DATA IN THIS EXERCISE section start

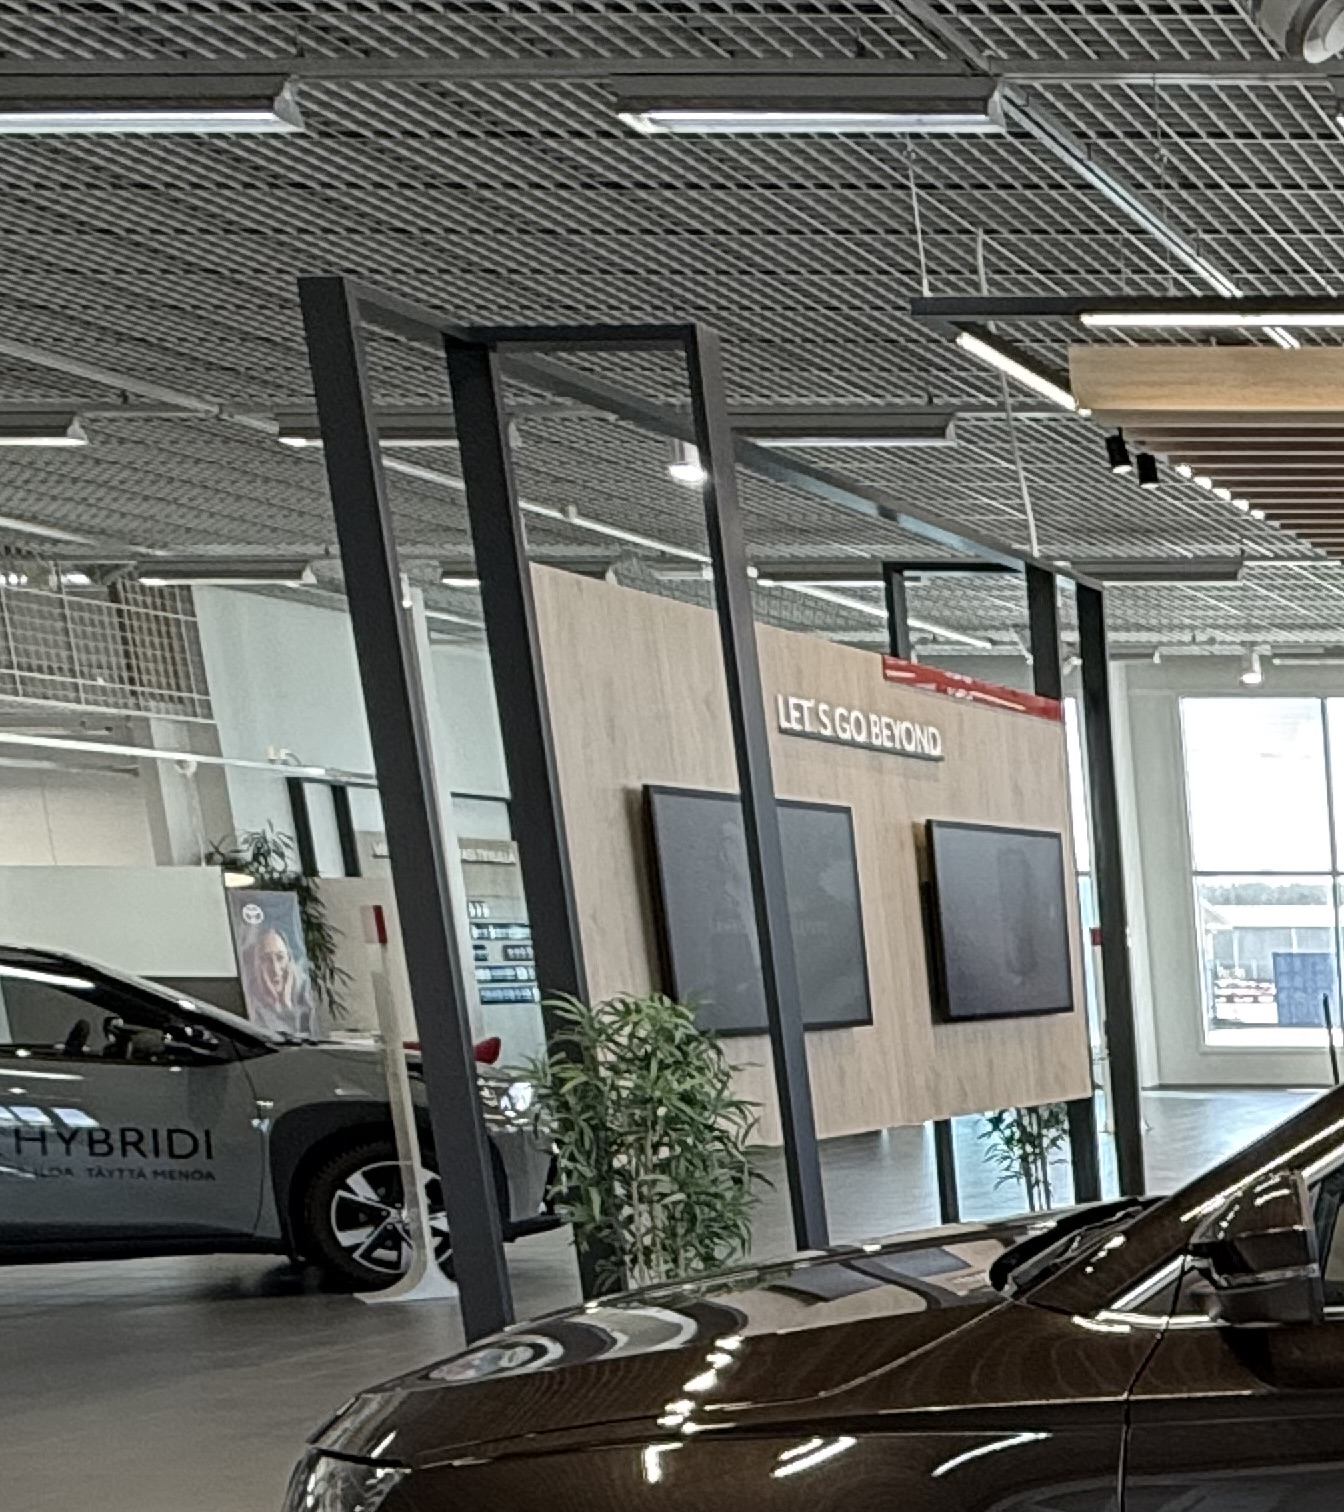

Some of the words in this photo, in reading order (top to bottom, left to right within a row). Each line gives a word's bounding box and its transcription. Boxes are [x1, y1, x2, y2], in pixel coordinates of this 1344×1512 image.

[777, 693, 832, 736] LET'S
[835, 707, 867, 743] GO
[869, 713, 942, 755] BEYOND
[14, 1127, 214, 1160] HYBRIDI
[152, 1168, 216, 1181] MENOA
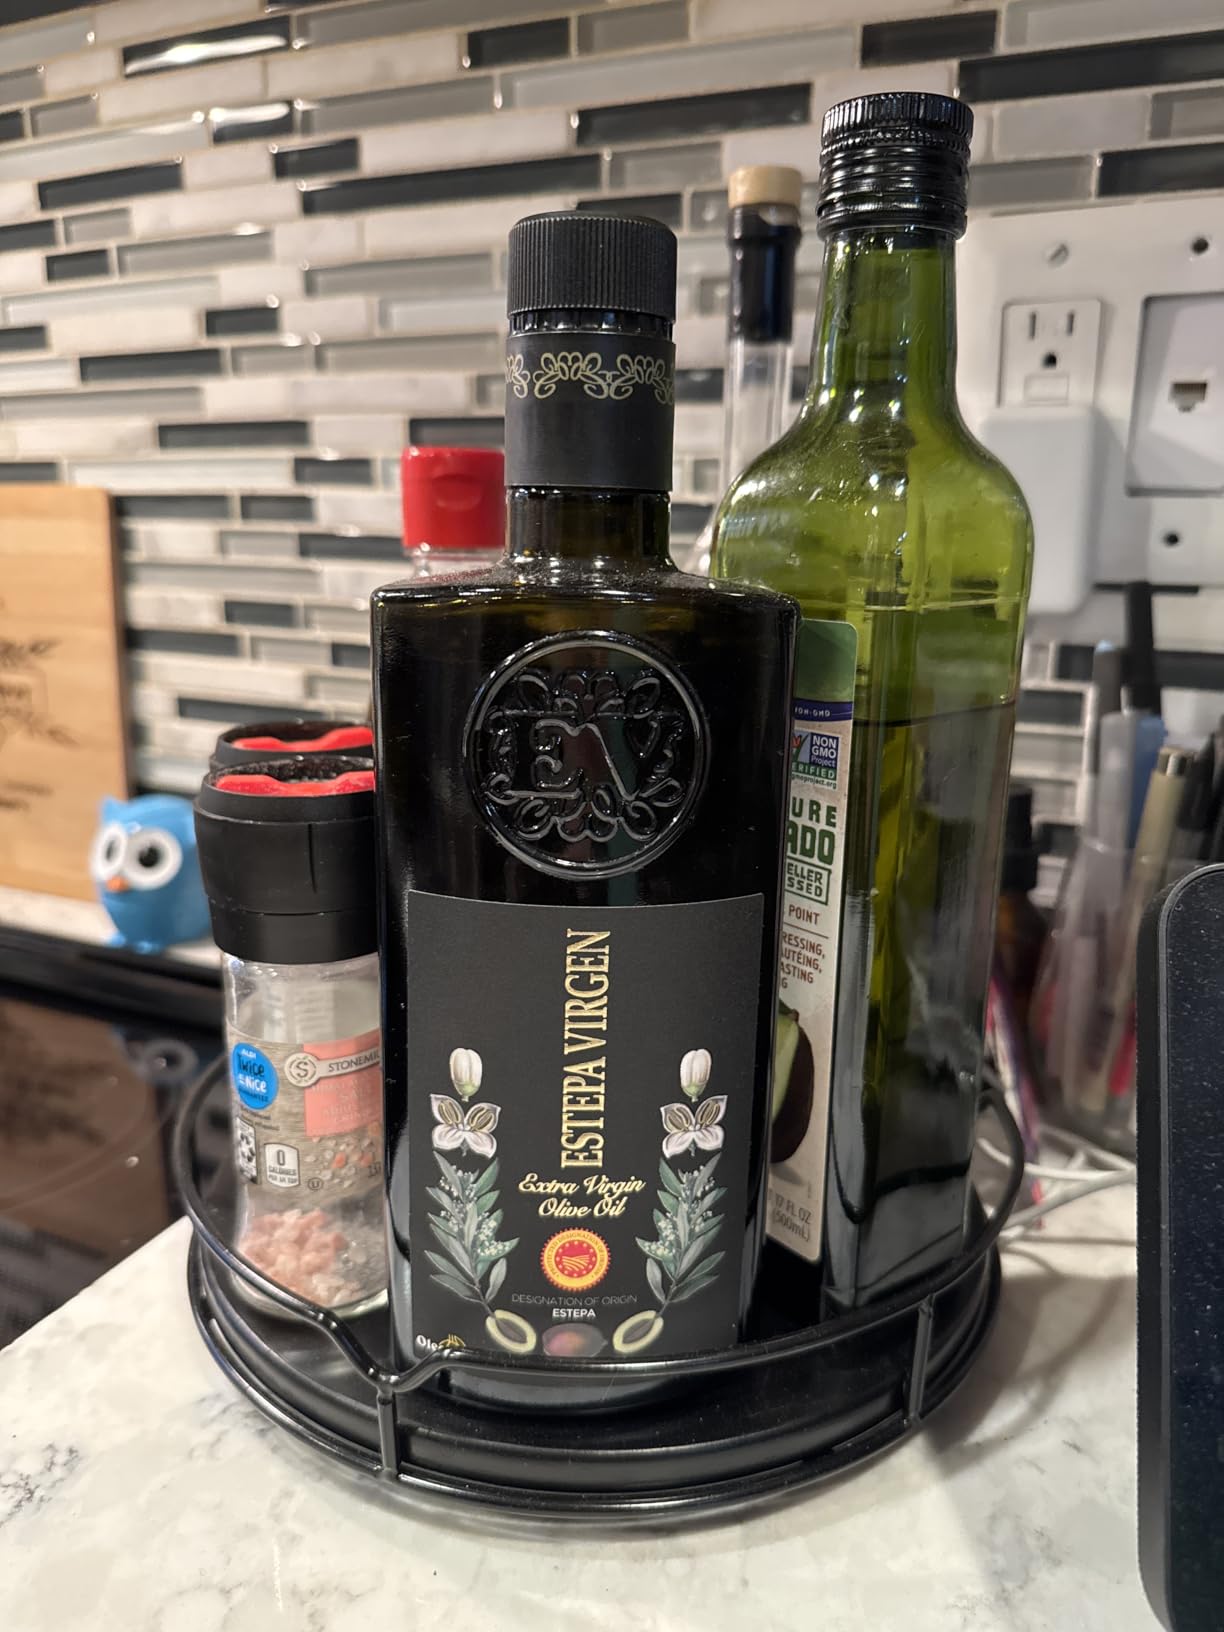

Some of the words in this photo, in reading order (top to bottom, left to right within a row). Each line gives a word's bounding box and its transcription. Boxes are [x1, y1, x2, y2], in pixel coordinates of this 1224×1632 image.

[812, 735, 837, 749] NON
[811, 746, 837, 759] GMO
[811, 756, 836, 768] Project
[792, 796, 837, 828] URE
[787, 863, 823, 885] ELLER
[787, 878, 823, 897] SSED
[788, 904, 820, 925] POINT
[563, 928, 611, 1055] VIRGEN
[245, 1075, 268, 1094] Nice
[561, 1056, 606, 1168] ESTEPA
[277, 1150, 285, 1166] 0
[518, 1173, 579, 1194] Extra
[583, 1174, 646, 1199] Virgin
[538, 1197, 591, 1217] Olive
[593, 1196, 628, 1217] Oil
[512, 1293, 583, 1306] DESIGNATION
[584, 1296, 599, 1305] OF
[601, 1294, 637, 1305] ORIGIN
[552, 1308, 596, 1318] ESTEPA
[416, 1334, 438, 1351] Ole

DATA IN THIS EXERCISE section end

### TASK BRIEF:
Every line from the one containing "this 1224×1632 image." through the last line of the entries should be output exactly; nothing else belongs in the reply.

### WRITTEN RESPONSE:
Some of the words in this photo, in reading order (top to bottom, left to right within a row). Each line gives a word's bounding box and its transcription. Boxes are [x1, y1, x2, y2], in pixel coordinates of this 1224×1632 image.

[812, 735, 837, 749] NON
[811, 746, 837, 759] GMO
[811, 756, 836, 768] Project
[792, 796, 837, 828] URE
[787, 863, 823, 885] ELLER
[787, 878, 823, 897] SSED
[788, 904, 820, 925] POINT
[563, 928, 611, 1055] VIRGEN
[245, 1075, 268, 1094] Nice
[561, 1056, 606, 1168] ESTEPA
[277, 1150, 285, 1166] 0
[518, 1173, 579, 1194] Extra
[583, 1174, 646, 1199] Virgin
[538, 1197, 591, 1217] Olive
[593, 1196, 628, 1217] Oil
[512, 1293, 583, 1306] DESIGNATION
[584, 1296, 599, 1305] OF
[601, 1294, 637, 1305] ORIGIN
[552, 1308, 596, 1318] ESTEPA
[416, 1334, 438, 1351] Ole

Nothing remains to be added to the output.